What needs to be done —
So that nothing is lost, write out all the lines below exactly.

[Saved entries]
------------------------------------
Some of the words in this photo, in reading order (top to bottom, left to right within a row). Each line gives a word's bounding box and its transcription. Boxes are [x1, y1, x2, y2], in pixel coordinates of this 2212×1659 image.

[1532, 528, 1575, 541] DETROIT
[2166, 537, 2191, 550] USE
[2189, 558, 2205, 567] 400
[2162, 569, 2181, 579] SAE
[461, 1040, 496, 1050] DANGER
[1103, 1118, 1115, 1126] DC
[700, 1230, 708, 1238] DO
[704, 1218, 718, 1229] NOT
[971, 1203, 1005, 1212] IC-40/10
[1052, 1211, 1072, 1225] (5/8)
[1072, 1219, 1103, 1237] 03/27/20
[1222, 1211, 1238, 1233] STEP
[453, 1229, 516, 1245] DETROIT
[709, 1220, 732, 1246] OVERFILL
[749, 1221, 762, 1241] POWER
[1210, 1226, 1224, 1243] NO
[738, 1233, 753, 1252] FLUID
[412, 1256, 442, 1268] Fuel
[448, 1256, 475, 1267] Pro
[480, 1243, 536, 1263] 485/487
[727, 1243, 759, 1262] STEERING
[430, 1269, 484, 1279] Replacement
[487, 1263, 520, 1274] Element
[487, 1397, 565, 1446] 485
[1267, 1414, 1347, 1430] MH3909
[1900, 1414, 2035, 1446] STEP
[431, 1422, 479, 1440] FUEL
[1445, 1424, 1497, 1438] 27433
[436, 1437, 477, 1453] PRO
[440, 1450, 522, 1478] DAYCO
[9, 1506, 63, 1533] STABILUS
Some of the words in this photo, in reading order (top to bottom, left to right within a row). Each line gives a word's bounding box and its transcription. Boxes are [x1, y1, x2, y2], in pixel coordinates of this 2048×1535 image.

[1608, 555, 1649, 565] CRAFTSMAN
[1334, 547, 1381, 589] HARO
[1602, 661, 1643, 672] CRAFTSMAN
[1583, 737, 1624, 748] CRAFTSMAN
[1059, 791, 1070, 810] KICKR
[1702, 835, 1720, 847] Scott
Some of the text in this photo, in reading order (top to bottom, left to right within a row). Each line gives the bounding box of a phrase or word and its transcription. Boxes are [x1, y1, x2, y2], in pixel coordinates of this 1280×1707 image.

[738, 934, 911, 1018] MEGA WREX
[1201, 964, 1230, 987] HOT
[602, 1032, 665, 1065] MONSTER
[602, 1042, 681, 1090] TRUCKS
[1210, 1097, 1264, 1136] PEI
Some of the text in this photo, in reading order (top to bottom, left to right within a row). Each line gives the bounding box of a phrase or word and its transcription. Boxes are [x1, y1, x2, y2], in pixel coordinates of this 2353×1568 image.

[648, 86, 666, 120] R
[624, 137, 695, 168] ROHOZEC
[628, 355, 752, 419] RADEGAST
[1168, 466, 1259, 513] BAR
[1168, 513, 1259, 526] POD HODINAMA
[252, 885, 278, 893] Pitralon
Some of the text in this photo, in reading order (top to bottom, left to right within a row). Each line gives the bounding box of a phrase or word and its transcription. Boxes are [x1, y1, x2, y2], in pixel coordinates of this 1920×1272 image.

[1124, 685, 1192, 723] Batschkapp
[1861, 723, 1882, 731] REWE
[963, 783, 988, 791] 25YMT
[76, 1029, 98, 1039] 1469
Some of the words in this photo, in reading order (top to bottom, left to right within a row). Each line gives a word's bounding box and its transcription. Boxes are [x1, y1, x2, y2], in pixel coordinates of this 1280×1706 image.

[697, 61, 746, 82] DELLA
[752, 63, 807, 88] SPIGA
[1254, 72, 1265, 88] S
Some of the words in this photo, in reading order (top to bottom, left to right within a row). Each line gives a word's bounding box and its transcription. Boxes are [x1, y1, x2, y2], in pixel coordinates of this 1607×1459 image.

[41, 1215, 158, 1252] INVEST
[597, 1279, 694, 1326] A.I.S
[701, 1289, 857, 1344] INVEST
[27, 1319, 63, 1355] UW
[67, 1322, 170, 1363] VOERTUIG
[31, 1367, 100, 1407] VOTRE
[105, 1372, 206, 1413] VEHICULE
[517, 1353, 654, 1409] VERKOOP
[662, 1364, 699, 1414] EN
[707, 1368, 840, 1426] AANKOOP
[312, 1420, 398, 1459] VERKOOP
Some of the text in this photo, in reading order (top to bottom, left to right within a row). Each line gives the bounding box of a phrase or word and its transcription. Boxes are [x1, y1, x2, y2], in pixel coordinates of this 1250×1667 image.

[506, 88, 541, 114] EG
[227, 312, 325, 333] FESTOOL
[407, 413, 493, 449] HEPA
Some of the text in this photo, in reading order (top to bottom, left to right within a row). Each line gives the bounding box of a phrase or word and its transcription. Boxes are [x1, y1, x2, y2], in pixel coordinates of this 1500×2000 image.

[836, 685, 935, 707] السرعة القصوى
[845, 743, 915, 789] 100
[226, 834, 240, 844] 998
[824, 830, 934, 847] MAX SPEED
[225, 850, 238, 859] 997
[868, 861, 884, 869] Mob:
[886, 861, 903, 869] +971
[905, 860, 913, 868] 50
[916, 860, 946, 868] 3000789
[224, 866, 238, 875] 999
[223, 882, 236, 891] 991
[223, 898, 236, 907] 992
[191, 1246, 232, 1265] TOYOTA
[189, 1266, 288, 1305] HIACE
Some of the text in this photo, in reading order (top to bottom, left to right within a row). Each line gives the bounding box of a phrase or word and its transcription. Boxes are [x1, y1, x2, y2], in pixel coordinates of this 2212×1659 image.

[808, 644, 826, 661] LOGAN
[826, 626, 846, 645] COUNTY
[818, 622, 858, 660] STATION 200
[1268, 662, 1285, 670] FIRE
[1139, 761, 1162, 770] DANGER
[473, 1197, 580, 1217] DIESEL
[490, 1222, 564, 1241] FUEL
------------------------------------
Answer to this exercise —
Some of the words in this photo, in reading order (top to bottom, left to right within a row). Each line gives a word's bounding box and its transcription. Boxes are [x1, y1, x2, y2], in pixel coordinates of this 2212×1659 image.

[1532, 528, 1575, 541] DETROIT
[2166, 537, 2191, 550] USE
[2189, 558, 2205, 567] 400
[2162, 569, 2181, 579] SAE
[461, 1040, 496, 1050] DANGER
[1103, 1118, 1115, 1126] DC
[700, 1230, 708, 1238] DO
[704, 1218, 718, 1229] NOT
[971, 1203, 1005, 1212] IC-40/10
[1052, 1211, 1072, 1225] (5/8)
[1072, 1219, 1103, 1237] 03/27/20
[1222, 1211, 1238, 1233] STEP
[453, 1229, 516, 1245] DETROIT
[709, 1220, 732, 1246] OVERFILL
[749, 1221, 762, 1241] POWER
[1210, 1226, 1224, 1243] NO
[738, 1233, 753, 1252] FLUID
[412, 1256, 442, 1268] Fuel
[448, 1256, 475, 1267] Pro
[480, 1243, 536, 1263] 485/487
[727, 1243, 759, 1262] STEERING
[430, 1269, 484, 1279] Replacement
[487, 1263, 520, 1274] Element
[487, 1397, 565, 1446] 485
[1267, 1414, 1347, 1430] MH3909
[1900, 1414, 2035, 1446] STEP
[431, 1422, 479, 1440] FUEL
[1445, 1424, 1497, 1438] 27433
[436, 1437, 477, 1453] PRO
[440, 1450, 522, 1478] DAYCO
[9, 1506, 63, 1533] STABILUS
Some of the words in this photo, in reading order (top to bottom, left to right within a row). Each line gives a word's bounding box and its transcription. Boxes are [x1, y1, x2, y2], in pixel coordinates of this 2048×1535 image.

[1608, 555, 1649, 565] CRAFTSMAN
[1334, 547, 1381, 589] HARO
[1602, 661, 1643, 672] CRAFTSMAN
[1583, 737, 1624, 748] CRAFTSMAN
[1059, 791, 1070, 810] KICKR
[1702, 835, 1720, 847] Scott
Some of the text in this photo, in reading order (top to bottom, left to right within a row). Each line gives the bounding box of a phrase or word and its transcription. Boxes are [x1, y1, x2, y2], in pixel coordinates of this 1280×1707 image.

[738, 934, 911, 1018] MEGA WREX
[1201, 964, 1230, 987] HOT
[602, 1032, 665, 1065] MONSTER
[602, 1042, 681, 1090] TRUCKS
[1210, 1097, 1264, 1136] PEI
Some of the text in this photo, in reading order (top to bottom, left to right within a row). Each line gives the bounding box of a phrase or word and its transcription. Boxes are [x1, y1, x2, y2], in pixel coordinates of this 2353×1568 image.

[648, 86, 666, 120] R
[624, 137, 695, 168] ROHOZEC
[628, 355, 752, 419] RADEGAST
[1168, 466, 1259, 513] BAR
[1168, 513, 1259, 526] POD HODINAMA
[252, 885, 278, 893] Pitralon
Some of the text in this photo, in reading order (top to bottom, left to right within a row). Each line gives the bounding box of a phrase or word and its transcription. Boxes are [x1, y1, x2, y2], in pixel coordinates of this 1920×1272 image.

[1124, 685, 1192, 723] Batschkapp
[1861, 723, 1882, 731] REWE
[963, 783, 988, 791] 25YMT
[76, 1029, 98, 1039] 1469
Some of the words in this photo, in reading order (top to bottom, left to right within a row). Each line gives a word's bounding box and its transcription. Boxes are [x1, y1, x2, y2], in pixel coordinates of this 1280×1706 image.

[697, 61, 746, 82] DELLA
[752, 63, 807, 88] SPIGA
[1254, 72, 1265, 88] S
Some of the words in this photo, in reading order (top to bottom, left to right within a row). Each line gives a word's bounding box and its transcription. Boxes are [x1, y1, x2, y2], in pixel coordinates of this 1607×1459 image.

[41, 1215, 158, 1252] INVEST
[597, 1279, 694, 1326] A.I.S
[701, 1289, 857, 1344] INVEST
[27, 1319, 63, 1355] UW
[67, 1322, 170, 1363] VOERTUIG
[31, 1367, 100, 1407] VOTRE
[105, 1372, 206, 1413] VEHICULE
[517, 1353, 654, 1409] VERKOOP
[662, 1364, 699, 1414] EN
[707, 1368, 840, 1426] AANKOOP
[312, 1420, 398, 1459] VERKOOP
Some of the text in this photo, in reading order (top to bottom, left to right within a row). Each line gives the bounding box of a phrase or word and its transcription. Boxes are [x1, y1, x2, y2], in pixel coordinates of this 1250×1667 image.

[506, 88, 541, 114] EG
[227, 312, 325, 333] FESTOOL
[407, 413, 493, 449] HEPA
Some of the text in this photo, in reading order (top to bottom, left to right within a row). Each line gives the bounding box of a phrase or word and its transcription. Boxes are [x1, y1, x2, y2], in pixel coordinates of this 1500×2000 image.

[836, 685, 935, 707] السرعة القصوى
[845, 743, 915, 789] 100
[226, 834, 240, 844] 998
[824, 830, 934, 847] MAX SPEED
[225, 850, 238, 859] 997
[868, 861, 884, 869] Mob:
[886, 861, 903, 869] +971
[905, 860, 913, 868] 50
[916, 860, 946, 868] 3000789
[224, 866, 238, 875] 999
[223, 882, 236, 891] 991
[223, 898, 236, 907] 992
[191, 1246, 232, 1265] TOYOTA
[189, 1266, 288, 1305] HIACE
Some of the text in this photo, in reading order (top to bottom, left to right within a row). Each line gives the bounding box of a phrase or word and its transcription. Boxes are [x1, y1, x2, y2], in pixel coordinates of this 2212×1659 image.

[808, 644, 826, 661] LOGAN
[826, 626, 846, 645] COUNTY
[818, 622, 858, 660] STATION 200
[1268, 662, 1285, 670] FIRE
[1139, 761, 1162, 770] DANGER
[473, 1197, 580, 1217] DIESEL
[490, 1222, 564, 1241] FUEL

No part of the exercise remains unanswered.